If you’ve experienced a traumatic brain injury (TBI) or know someone who has, you know how serious head injuries can be.
Brain trauma contributes to the death of approximately 50,000 people per year.
The effects of TBI can be short-lived and as mild as a headache, or they last the rest of a patient’s life.
And unlike many health issues, TBI affects children and younger people disproportionately, especially those aged 0 to 4.
TBIs are the result of sharp blows to the head that result in disruption to normal function of the brain, according to the Centers for Disease Control. The CDC notes that “severity of a TBI may range from ‘mild’ (i.e., a brief change in mental status or consciousness) to ‘severe’ (i.e., an extended period of unconsciousness or memory loss after the injury).”
Concussions in which the patient stays conscious during the event can still cause TBI and the associated lasting health effects.
This last situation can actually lead patients to make assumptions that make it harder to diagnose issues that creep up later. Many patients assume that their sensory problems can’t be caused by their head injuries unless they lost consciousness.
Doctors at Veterans Affairs clinics noticed that patients often underreported their exposure to head trauma and blast events unless they had lost consciousness, leading to a delay in getting proper treatment for the sensory aftereffects they experienced.
Many of these sensory aftereffects are visual.
TBI can cause a variety of optical issues, ranging from short-lived symptoms like eye strain and headache to conditions that can cause blindness if left untreated. It is crucial to see your eye doctor following concussions or any events in which TBI is diagnosed or suspected. Even milder changes in vision should be reported immediately, including “fluctuation in... vision, double vision, or difficulty focusing at near or distant objects,” according to Dr. Majid Moshirfar, ophthalmologist at University of Utah.
Evaluation by a professional will ensure that your brain and eyes are working together optimally. Diagnosis can be very tricky because in many cases visual acuity can still be 20/20 and because many neuro-visual impairments don’t show up on a CT scan, so make sure you give your doctor a detailed medical history and list of symptoms you are experiencing following the head injury.
Head injury is known to cause these serious vision issues:
- Vitreous hemorrhage, in which damaged blood vessels leak into the jelly-like fluid that gives shape to the eyeball.

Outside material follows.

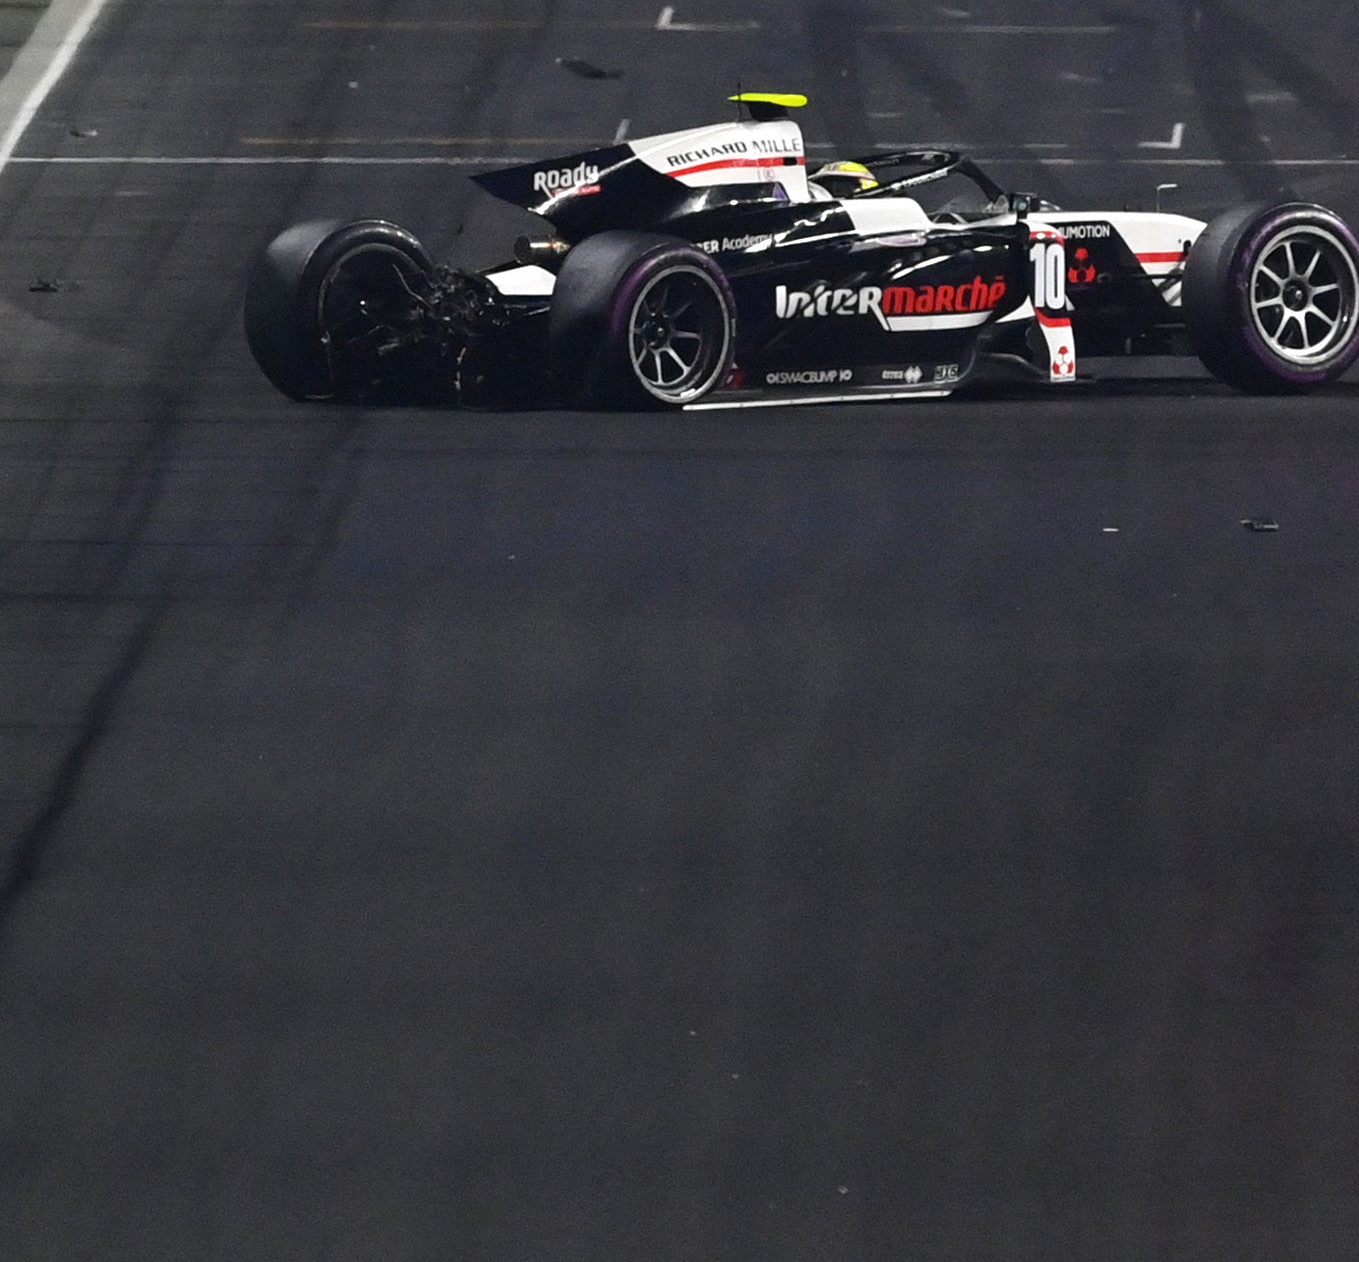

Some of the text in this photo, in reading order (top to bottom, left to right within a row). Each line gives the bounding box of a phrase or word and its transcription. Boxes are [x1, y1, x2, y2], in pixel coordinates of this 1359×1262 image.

[667, 138, 802, 167] RICHARD MILLE
[1029, 243, 1066, 310] 10

- Retinal detachment, a serious problem that can require surgery. Without immediate surgical intervention, retinal detachment has a high chance of causing permanent blindness.
- Optic nerve damage, another critical situation that can lead to total vision impairment if the pressure is not relieved on this extremely sensitive structure.
- Post trauma vision syndrome, a neurological condition that includes a host of permanent optical dysfunctions that impair balance and other aspects of sensory integration.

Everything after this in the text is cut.